* TASK TO COMPLETE:
Copy the entries below word for word, minus the pictures.

* SOURCE INFORMATION:
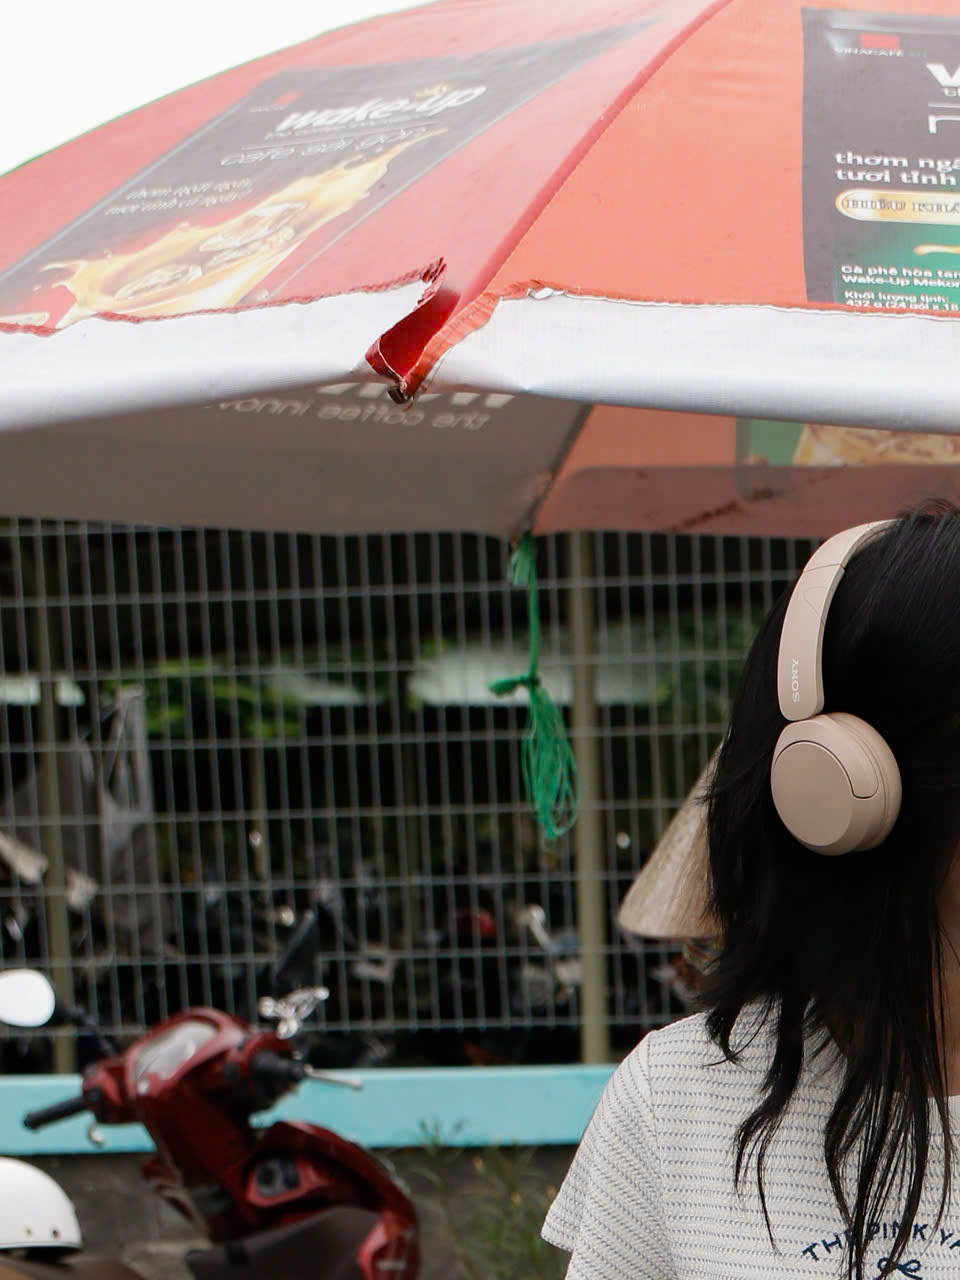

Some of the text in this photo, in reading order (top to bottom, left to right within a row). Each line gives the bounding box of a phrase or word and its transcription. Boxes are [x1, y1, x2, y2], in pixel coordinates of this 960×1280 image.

[835, 151, 908, 168] thơm
[835, 167, 890, 183] tươi
[841, 264, 863, 275] Cà
[868, 265, 899, 279] phê
[902, 266, 932, 278] hòa
[842, 274, 910, 287] Wake-Up
[844, 289, 875, 300] Khối
[879, 291, 917, 303] lượng
[791, 657, 800, 703] SONY

* EXERCISE RESPONSE:
Some of the text in this photo, in reading order (top to bottom, left to right within a row). Each line gives the bounding box of a phrase or word and its transcription. Boxes are [x1, y1, x2, y2], in pixel coordinates of this 960×1280 image.

[835, 151, 908, 168] thơm
[835, 167, 890, 183] tươi
[841, 264, 863, 275] Cà
[868, 265, 899, 279] phê
[902, 266, 932, 278] hòa
[842, 274, 910, 287] Wake-Up
[844, 289, 875, 300] Khối
[879, 291, 917, 303] lượng
[791, 657, 800, 703] SONY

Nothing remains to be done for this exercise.